A vi bem rápido, quando já estava saindo porta a fora com sua encomenda na mão esquerda e as madeixas de cabelo escuro voando contra seu ombro levemente rosado.

- Quem era? – indaguei a Antoin, meu colega do caixa.

- Ah, parece que é uma nova moradora do bairro – ele deu de ombros me olhando com sua cara gorda – Se chama Annah.

Moradora do nosso bairro. Parecem palavras de sina para me destruir.

Retornei de volta ao frigorifico e ataquei aquele pedaço de carne com a mais insana das vontades.

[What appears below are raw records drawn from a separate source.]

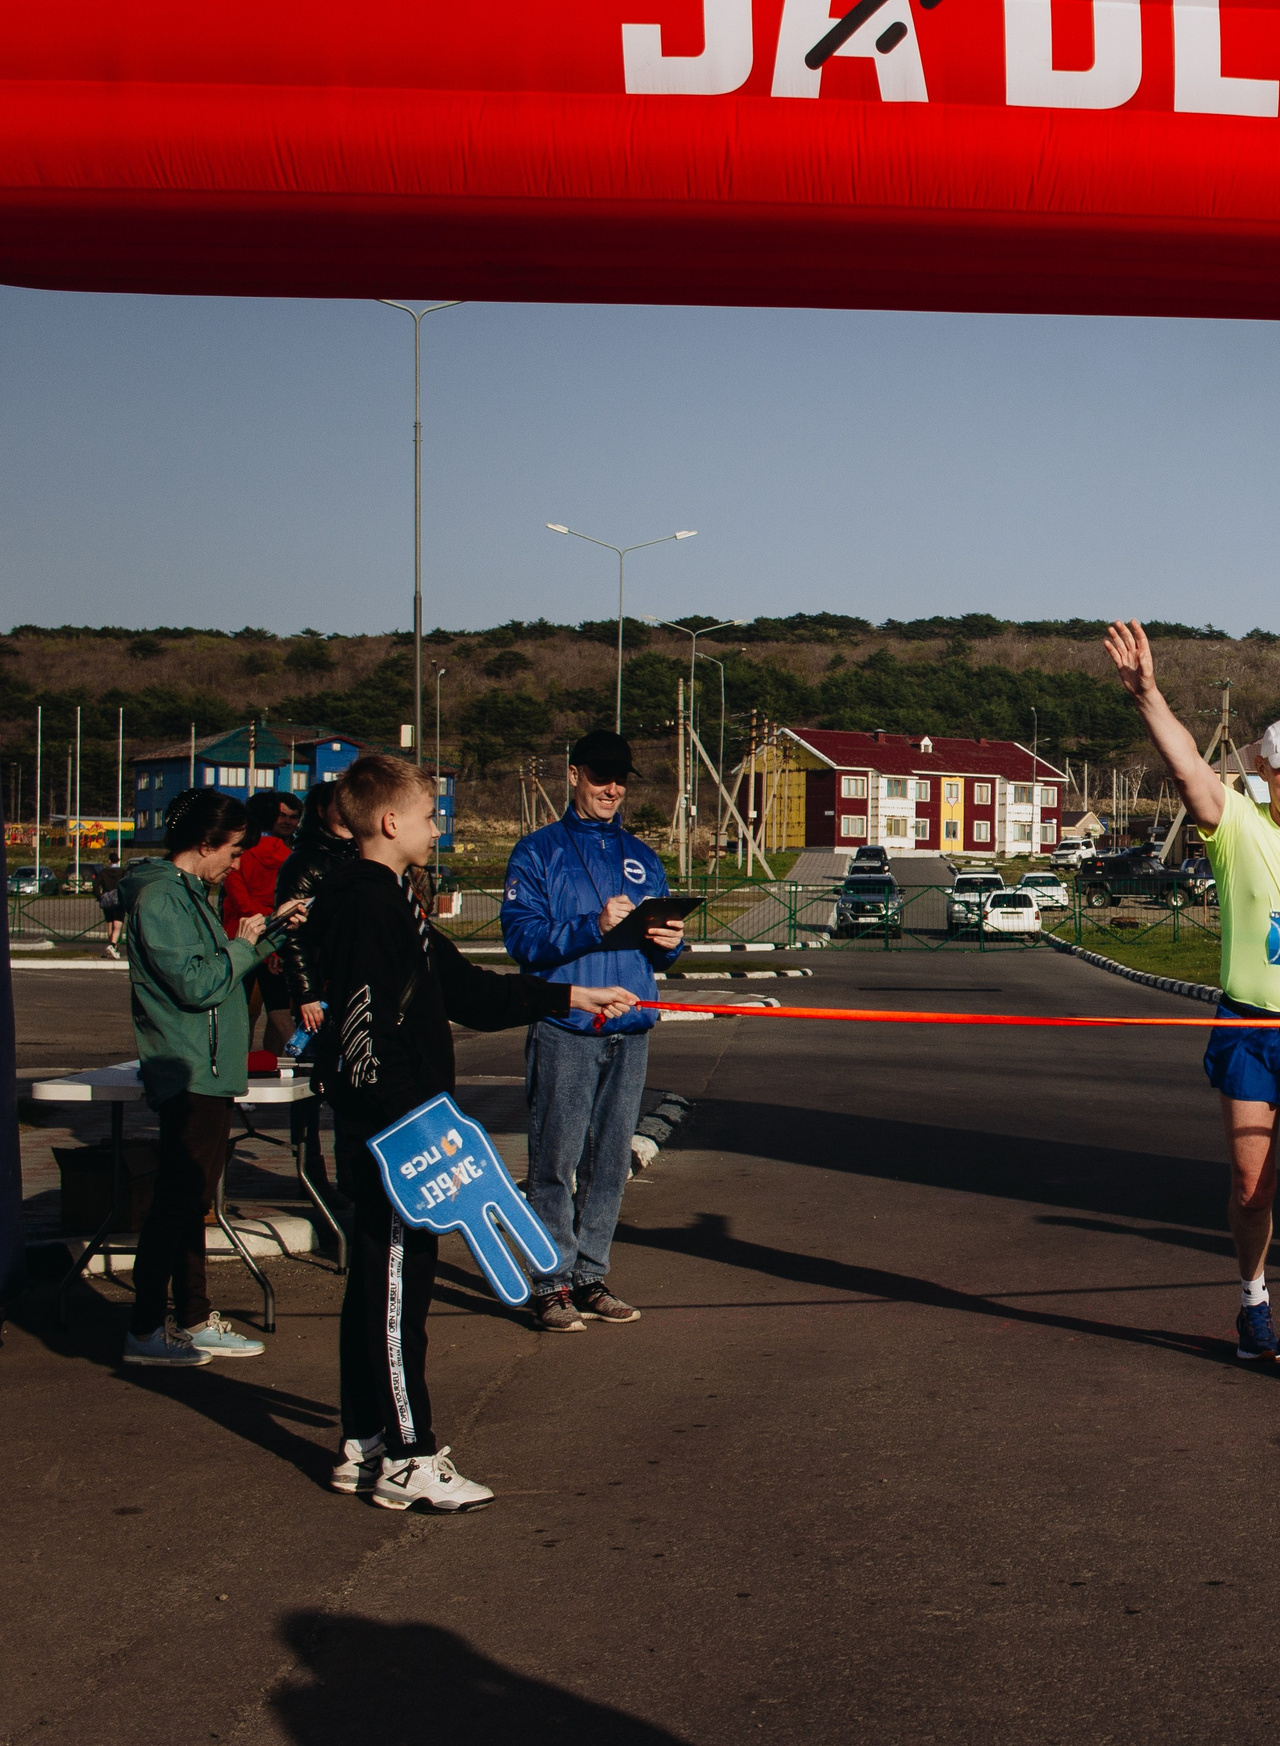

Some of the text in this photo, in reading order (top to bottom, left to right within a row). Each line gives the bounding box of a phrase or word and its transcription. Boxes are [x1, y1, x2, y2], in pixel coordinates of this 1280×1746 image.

[400, 1145, 442, 1180] ПСБ
[389, 1281, 397, 1314] YOURSELF
[388, 1315, 396, 1333] OPEN
[391, 1371, 403, 1404] YOURSELF
[398, 1404, 408, 1423] OPEN

A noite após o expediente, sentei-me em um dos bancos da praça de frente para os prédios coloridos e corri os olhos pelas janelas do meu prédio. Soprei a fumaça no ar e tentei afastar dos pensamentos a ideia tola de que conheceria aquela garota.

Mas então, aquele prédio amarelo e decadente, localizado entre uma floricultura e uma loja de roupas falida, chamou minha atenção.

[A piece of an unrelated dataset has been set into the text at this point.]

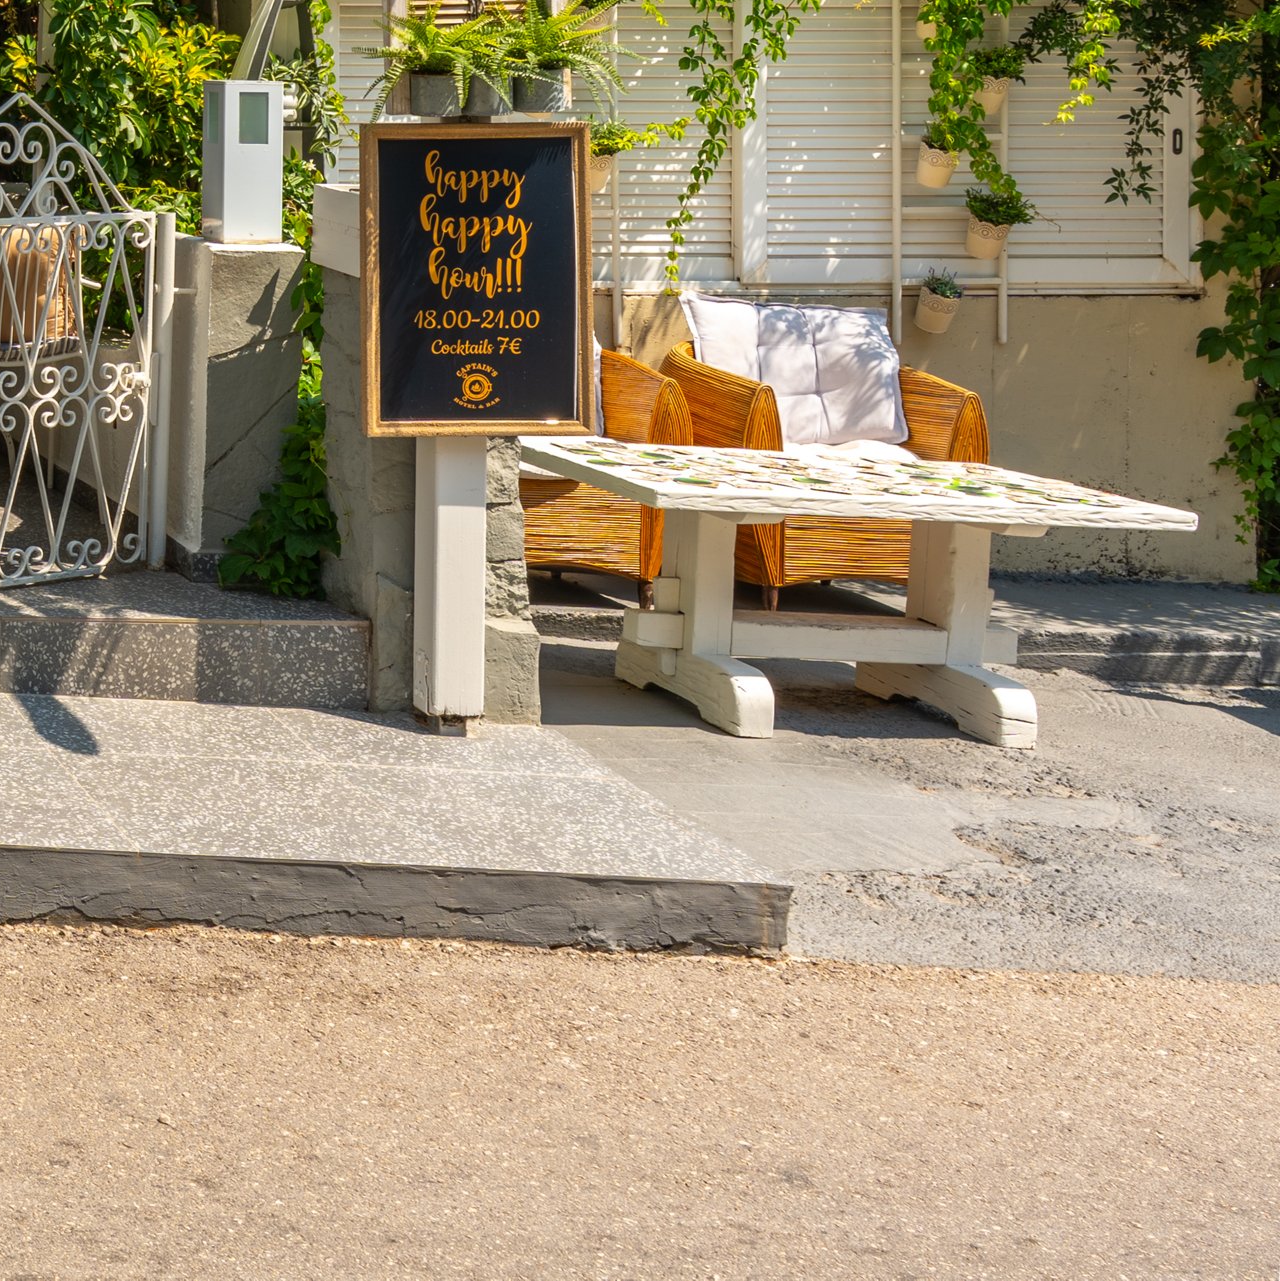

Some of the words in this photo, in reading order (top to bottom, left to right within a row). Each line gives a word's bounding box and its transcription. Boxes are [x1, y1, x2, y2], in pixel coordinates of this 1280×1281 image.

Uma das janelas do sexto andar se abriu uma figura pálida apoiou com cotovelos sobre o batente com um cigarro entre os dedos. Era quase uma blasfêmia sua presença naquela velharia, mas ao mesmo tempo, parecia tão certa de si e em paz.

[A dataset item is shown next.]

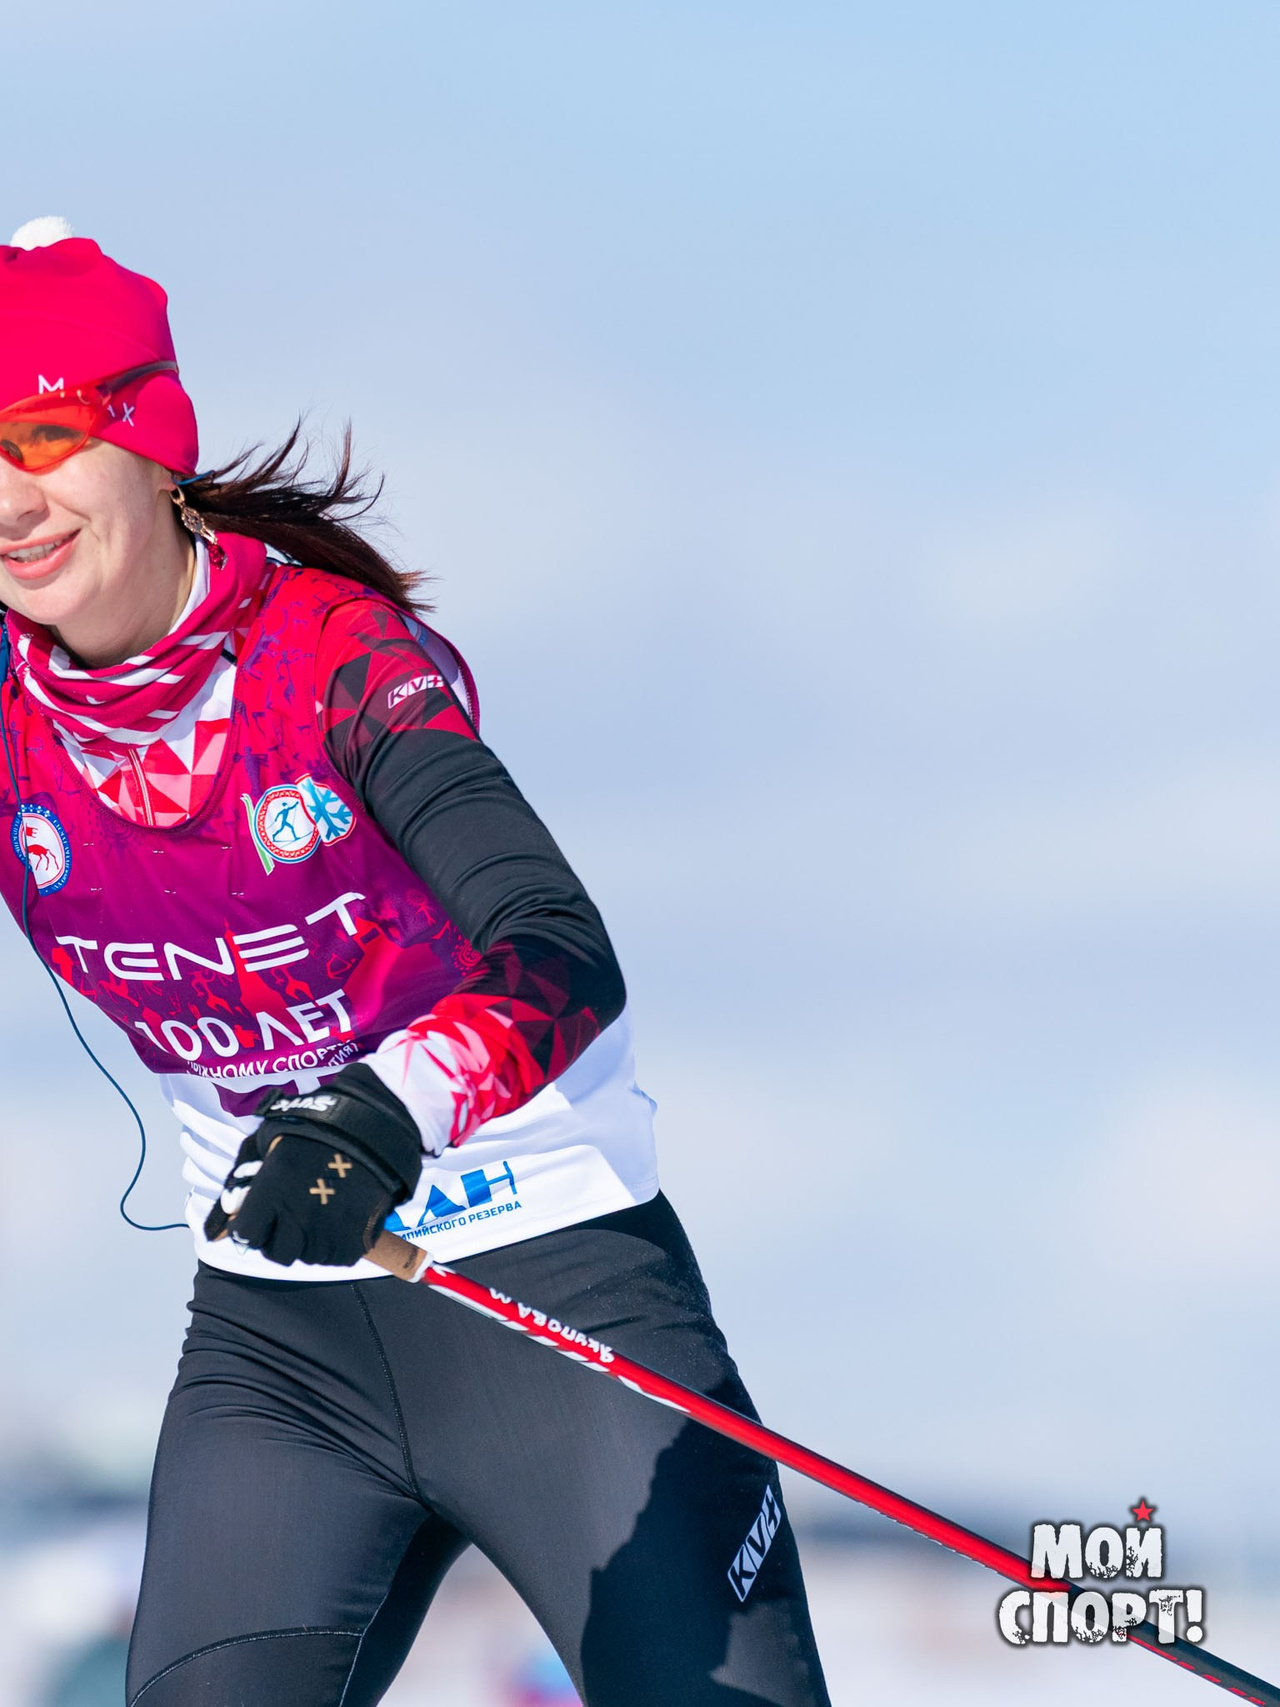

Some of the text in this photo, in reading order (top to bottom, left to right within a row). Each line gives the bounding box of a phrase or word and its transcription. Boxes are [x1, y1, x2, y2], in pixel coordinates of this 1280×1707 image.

[56, 891, 367, 981] TENET
[134, 988, 352, 1062] 100 ЛЕТ
[468, 1200, 522, 1223] РЕЗЕРВА

Tentei me erguer para ir ao prédio quando começou a chover, mas estava hipnotizado, e mesmo quando a chuva a fez fechar a janela e começou e me enxarcar, continuei vidrado em sua figura andando pelo quarto, de camiseta e shorts azuis com seu cigarro e os cabelos presos em um rabo de cavalo.

Até que ela fechasse as cortinas, colocando limites para quem poderia ter acesso a si mesma.

Após ter dominado um pouco da compostura, corri envergonhado para meu prédio e entrei no elevador dando desculpas aos meus vizinhos pelo meu estado decadente, mas francamente, eu poderia estar pingando a sangue que talvez fosse acolhido com gentileza.

Diferente da minha antiga cidade, não havia completa falta de confiança entre os moradores, mesmo que eu fosse um recente forasteiro entre eles.

E aqueles olhares me fizeram refletir por muitas horas sobre tentar apagar da memória o feitiço que senti ao ver a vizinha do prédio amarelo, mas no fundo, sabia que seria em vão.

Pois oque um psicopata escravo da paixão poderia fazer a respeito de alguém que estava tão próximo de suas garras?